PTOSS - Editorial

fushar · September 24, 2012, 12:59am

PROBLEM LINKS

DIFFICULTY

MEDIUM-HARD

PREREQUISITES

Knuth-Morris-Pratt String Matching Algorithm, Dynamic Programming, Simple Probability

PROBLEM

Chef likes to toss a pizza many times. The sides of the pizza are denoted by F (the front side) and B (the back side). Each side has the same probability of showing up after each toss. A sequence of tosses can be represented by a string over alphabet {F, B}, where each character represents the side that shows up in the corresponding toss.

You are given a string S1 of length N. This is called the lucky sequence. You are also given a string S2 of length M. This string represents the sequence of tosses Chef has made today. Count the expected number of additional tosses Chef must make until the string representing the last N tosses is equal to S1. If Chef has already made a lucky sequence today, the answer is 0.

QUICK EXPLANATION

Use dynamic programming approach. The state is E[k] = the expected number of additional tosses when the last k tosses match the first k tosses in the lucky sequence.

EXPLANATION

For simplicity, we will assume that the strings S1 and S2 has been decoded.

We will use KMP String Matching Algorithm extensively in the solution. Specifically, we will use the so-called “failure function” feature from KMP. So, let’s recall how failure function works.
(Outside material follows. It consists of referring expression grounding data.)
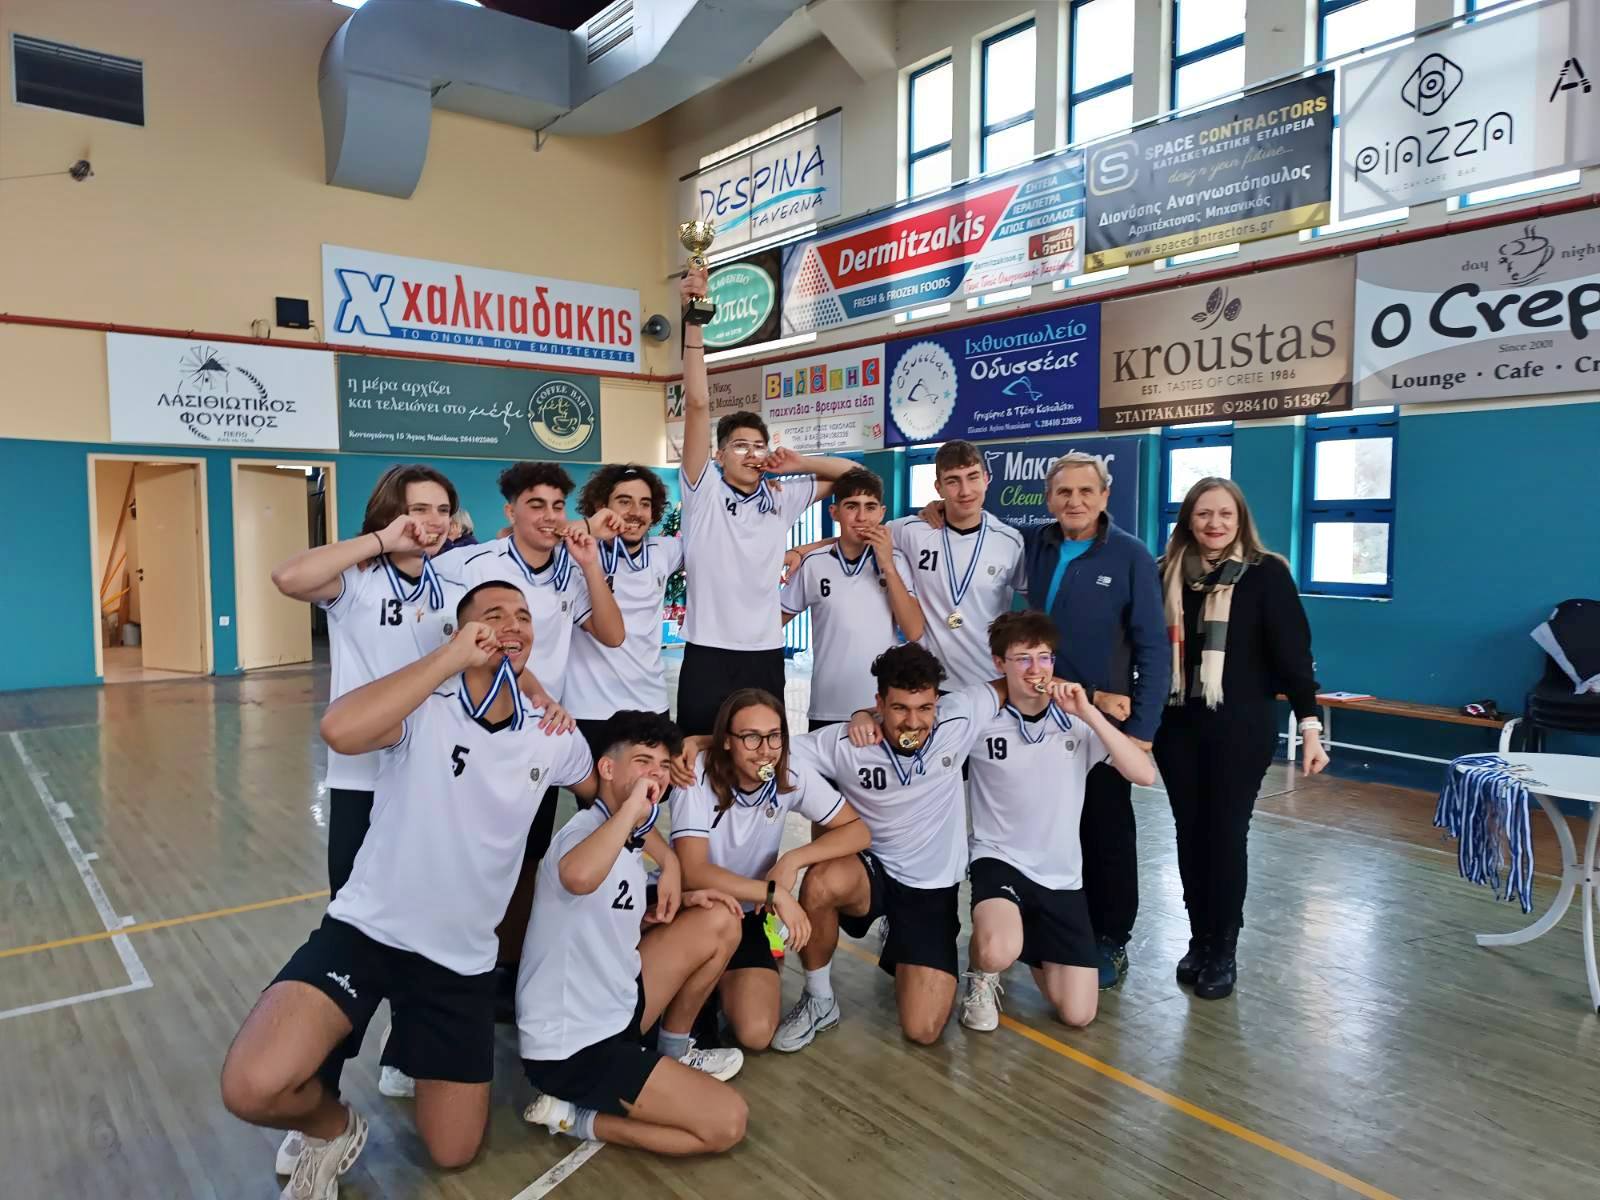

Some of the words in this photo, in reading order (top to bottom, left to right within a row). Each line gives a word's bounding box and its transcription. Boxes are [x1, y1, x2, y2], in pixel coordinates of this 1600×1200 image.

[1144, 134, 1194, 161] SPACE
[1198, 96, 1328, 145] CONTRACTORS
[1152, 136, 1250, 171] ΚΑΤΑΣΚΕΥΑΣΤΙΚΗ
[1256, 118, 1316, 143] ΕΤΑΙΡΕΙΑ
[699, 145, 825, 221] DESPINA
[1098, 201, 1162, 227] Διονύσης
[1166, 164, 1312, 211] Αναγνωστόπουλος
[752, 194, 824, 228] TAVERNA
[1128, 212, 1201, 237] Αρχιτέκτονας
[1205, 195, 1272, 219] Μηχανικός
[837, 210, 986, 277] Dermitzakis
[1124, 219, 1274, 260] www.spacecontractors.gr
[1461, 260, 1489, 272] day
[853, 293, 878, 308] FRESH
[878, 292, 885, 302] &
[886, 284, 918, 301] FROZEN
[919, 277, 951, 294] FOODS
[402, 328, 420, 341] ΤΟ
[430, 332, 486, 348] ΟΝΟΜΑ
[493, 337, 521, 351] ΠΟΥ
[530, 341, 634, 363] ΕΜΠΙΣΤΕΥΕΣΤΕ
[965, 319, 1087, 355] Ιχθυοπωλείο
[1498, 342, 1527, 353] Since
[970, 350, 1080, 380] Οδυσσέας
[1391, 371, 1467, 390] Lounge
[1494, 361, 1545, 381] Cafe
[348, 378, 358, 393] η
[362, 376, 398, 394] μέρα
[401, 380, 452, 397] αρχίζει
[536, 384, 568, 404] COFFEE
[570, 389, 587, 408] BAR
[1141, 383, 1162, 396] EST.
[1167, 379, 1203, 393] TASTES
[1207, 376, 1224, 388] OF
[1226, 372, 1264, 387] CRETE
[1271, 369, 1297, 382] 1986
[157, 392, 297, 413] ΛΑΣΙΘΙΩΤΙΚΟΣ
[348, 398, 372, 409] και
[375, 396, 440, 413] τελειώνει
[442, 404, 467, 414] στο
[1115, 402, 1215, 425] ΣΤΑΥΡΑΚΑΚΗΣ
[1235, 397, 1279, 414] 28410
[1283, 391, 1331, 409] 51362
[179, 411, 279, 429] ΦΟΥΡΝΟΣ
[1000, 486, 1043, 506] Clean
[919, 549, 937, 571] 21
[820, 578, 831, 598] 6
[379, 598, 403, 626] 13
[450, 744, 470, 778] 5
[985, 736, 1008, 760] 19
[858, 767, 887, 790] 30
[611, 880, 635, 910] 22
Consider a string S of length N. For convenience, we will use 1-based indexing. We will use notation S[a…b] to denote the contiguous substring of S from the a-th character to the b-th character, inclusive.

Let’s introduce fail[] array. fail[i] is equal to k, where k is the maximum integer such that S[1…k] = S[i-k+1…i]. In other words, fail[i] is the length of the longest prefix of S[1…i] that is also a suffix of it. This failure function table can be computed in O(N). The pseudocode is as follows.

fail[1] = 0
k = 0
for i = 2; i <= N; i++:
    while k > 0 and S[k+1] != S[i]:
        k = fail[k]
    if S[k+1] == S[i]:
        k = k + 1
    fail[i] = k

Note that in some KMP references, k must be less than i (i.e., both the prefix and suffix must be proper). For the purpose of this problem, we will not use that restriction.
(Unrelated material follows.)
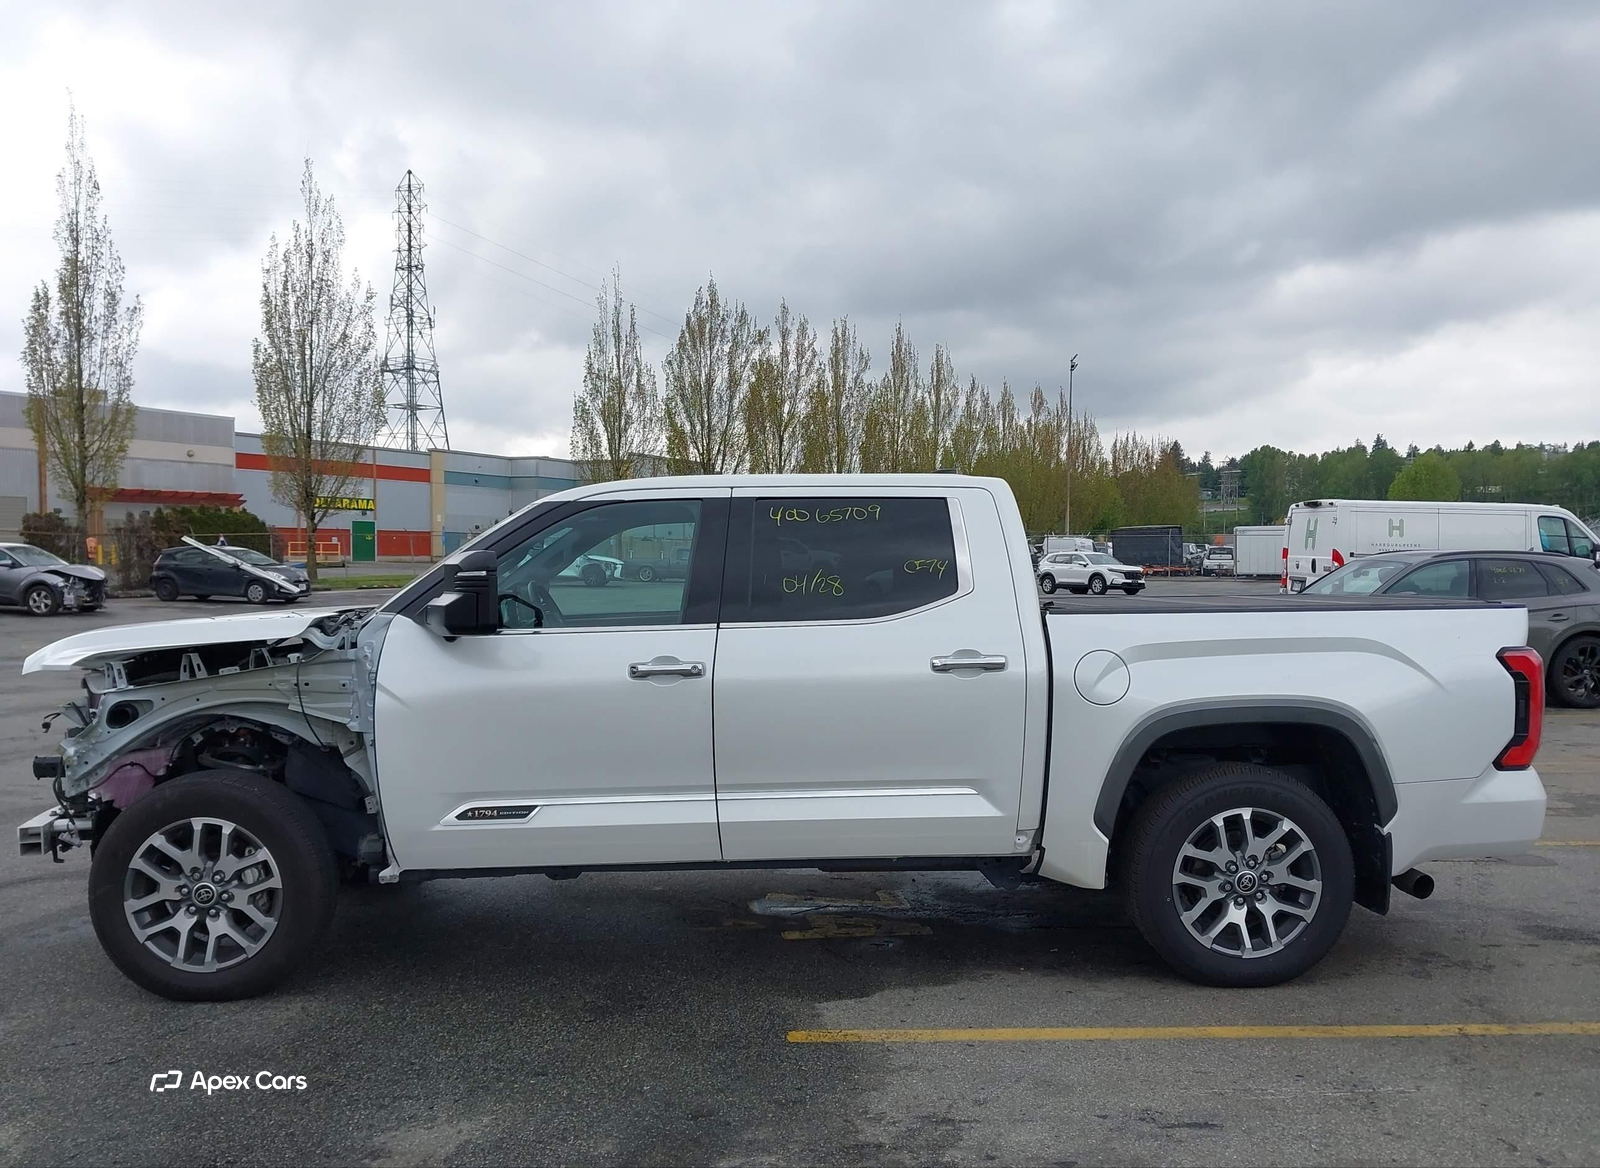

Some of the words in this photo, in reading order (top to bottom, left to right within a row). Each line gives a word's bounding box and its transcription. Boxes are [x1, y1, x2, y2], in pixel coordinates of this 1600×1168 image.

[1304, 517, 1319, 551] H
[1388, 518, 1404, 538] H
[782, 569, 844, 596] 04/28
[474, 809, 498, 818] 1794
Now, let’s solve the problem. First, apply the failure function to S1 as fail_S1[]. Then, apply the failure function to S2 as fail_S2[] as well, but by comparing its characters to S1 as follows. In other words, fail_S2[i] = the maximum integer k such that S1[1…k] = S2[i-k+1…i].

k = 0
for i = 1; i <= M; i++:
    while k > 0 and S1[k+1] != S2[i]:
        k = fail_S2[k]
    if S1[k+1] == S2[i]:
        k = k + 1
    fail_S2[i] = k
    if k == N:
        k = fail_S2[k]

There are two possible cases.

Case 1. The string S1 is a substring of S2. We can check this by utilizing the failure function we just built and use KMP to find the match. More specifically, we check whether there is integer k such that fail_S2[k] = N. The answer for this case is 0, since Chef has already have the lucky sequence and therefore does not have to make any additional tosses.

Case 2. The string S1 is not a substring of S2. We will use dynamic programming approach in this case.

Let E[k] = the expected number of additional tosses Chef must make if the string denoting the last k tosses of the current sequence is equal to S1[1…k]. The answer to the original problem would be E[fail_S2[M]].

The base case of this DP solution is E[N] = 0, i.e., if the string denoting the last N tosses of the current sequence = S1[1…N] = S1, then Chef has made the lucky sequence and he should stop tossing pizzas.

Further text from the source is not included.